For fixer it could be nice if it could flow by both surfaces, though. I have one tray so I used it for fixer.

Another concern is if chemicals react with plastic boxes. For chem bottles they use plastic not reacting with chemicals, probably getting trays isn't bad idea?
 
I don't think it makes much differene in terms of the plastic, but having bottom ridges or channels makes handling easier. You could glue plastic strips to the bottom of flat trays.
 
I just picked up some new trays from my local photography shop. They were using them to catch rainwater from a leak. Needless to say I got a good price. I think they are the AP trays... I cannot overstate how much better these are than the garbage trays I were using before. The deep channels in the bottom of the tray makes life so much easier.

So in short, get some decent trays :)
 
So bottom channels are for increased rigidness, mostly? I'm rather reserved towards gluing as this makes another potential to pollute chemicals.
 
Most all of the trays I've seen made in the past ten to twenty years are vacuum formed out of flat sheets of plastic. Some have channels, others don't, but they all have a rolled edge. before they took over the market trays were molded, the edges weren't rolled. The oldes ones I have are black Ace hard rubber. The newer molded trays are Yankee Agitrays. These came in sets of white, blue and red trays. They're the same shape and size as the Ace trays.Vacuum forming involves heating a flat sheet of plastic and then sucking the softened sheet down into a mold. If you want dimples or bumps in the bottom it should be easy enough to do by pressing into the plastic with a hot piece iof metal, although it might not be very neat looking.

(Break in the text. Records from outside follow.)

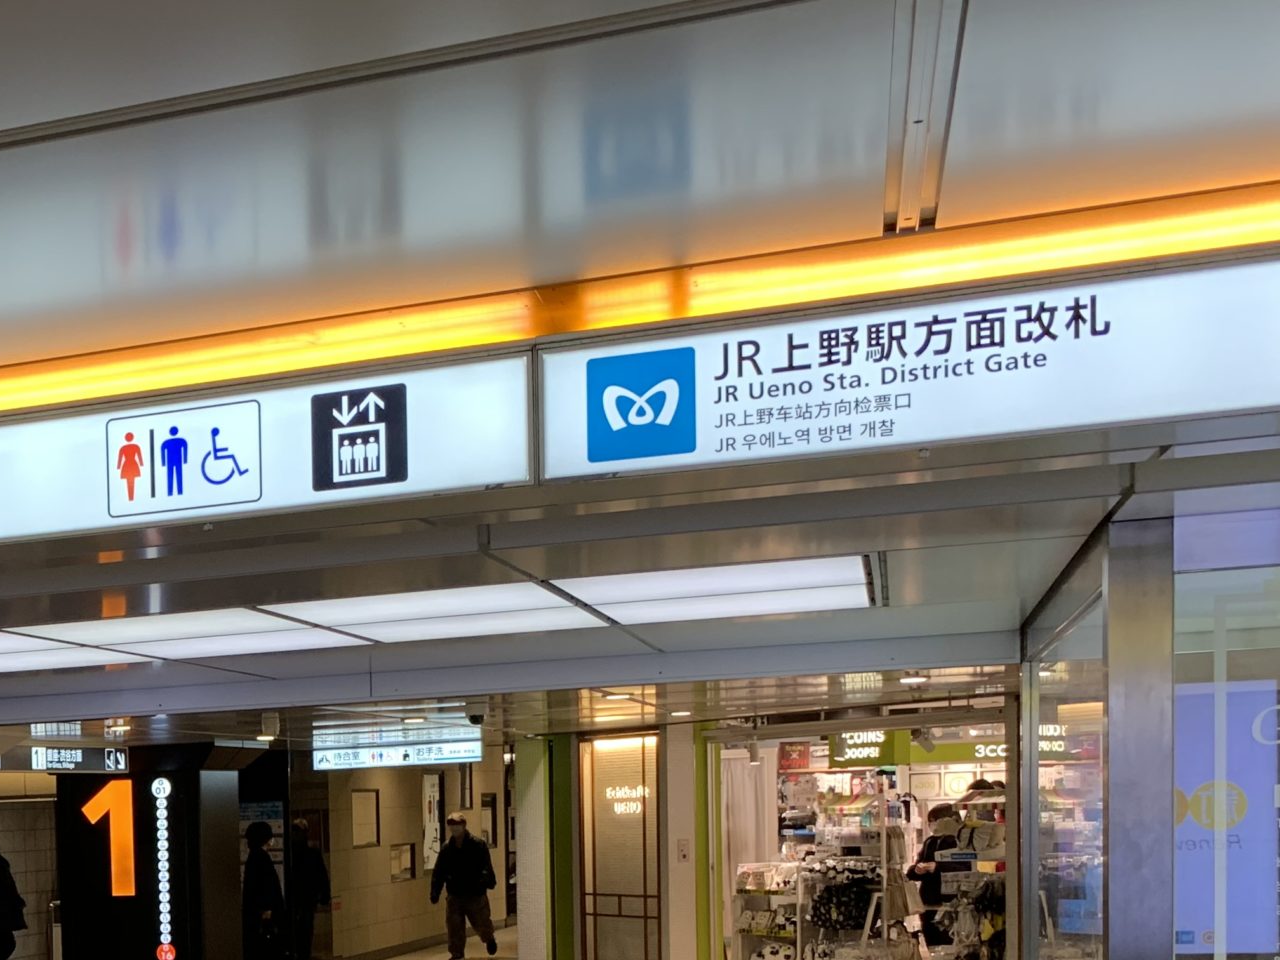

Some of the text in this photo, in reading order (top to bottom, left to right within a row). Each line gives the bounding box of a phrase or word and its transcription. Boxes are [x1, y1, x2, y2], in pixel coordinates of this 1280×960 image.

[714, 295, 1111, 381] JR上野駅方面改札
[714, 350, 1047, 404] JR Ueno Sta. District Gate
[714, 393, 912, 428] JR上野车站方向检票口
[715, 419, 895, 452] JR 우에노역 방면 개찰
[841, 730, 885, 744] COINS
[333, 751, 360, 761] 待合室
[155, 787, 166, 795] 01
[81, 779, 136, 896] 1
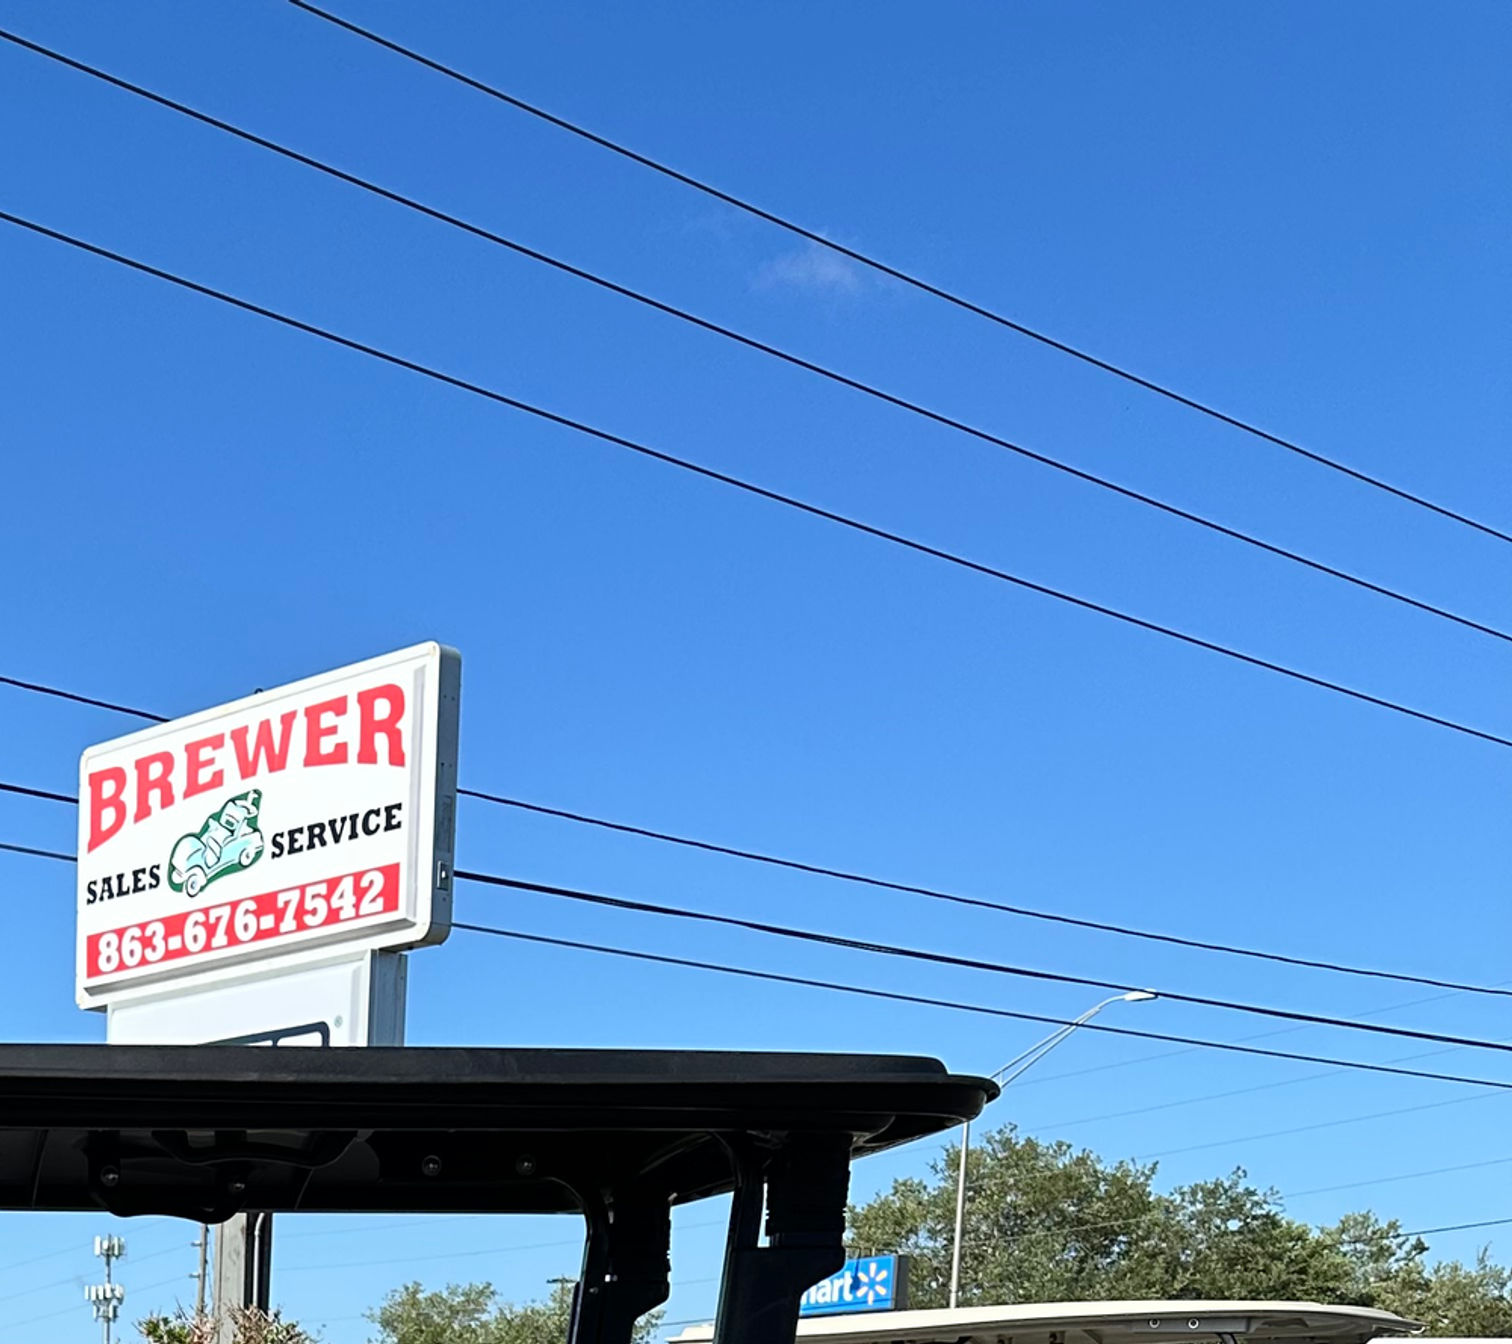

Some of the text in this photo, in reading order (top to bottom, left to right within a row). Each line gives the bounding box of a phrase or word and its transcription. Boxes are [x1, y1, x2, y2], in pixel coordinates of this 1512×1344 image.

[89, 684, 405, 854] BREWER
[86, 803, 403, 904] SALES SERVICE
[97, 870, 385, 973] 863-676-7542

I always used the white one for Dektol, red for stop, black for fixer, although for many years now I've used a much bigger cheap plastic kitchen wash tub for fixer so I can mix a gallon at a time. For a "lid" I float another washtub on the fixer.

I also float my stop bath tray on my developer if I'm leaving the darkroom for a few hours. It does a great job of keeping the air off the surface! Then I "replenish" or freshen up the soup with a bit of fresh undiluted developer. The exact quantity isn't critical.

Considering that some of these trays are well over forty years old, maybe over fifty because they were mostly used at the time that I purchased them, they're in great shape. They're also badly stained grey inside from the silver. The rims are grooved from years of pushing down with the print tongs to rock the trays.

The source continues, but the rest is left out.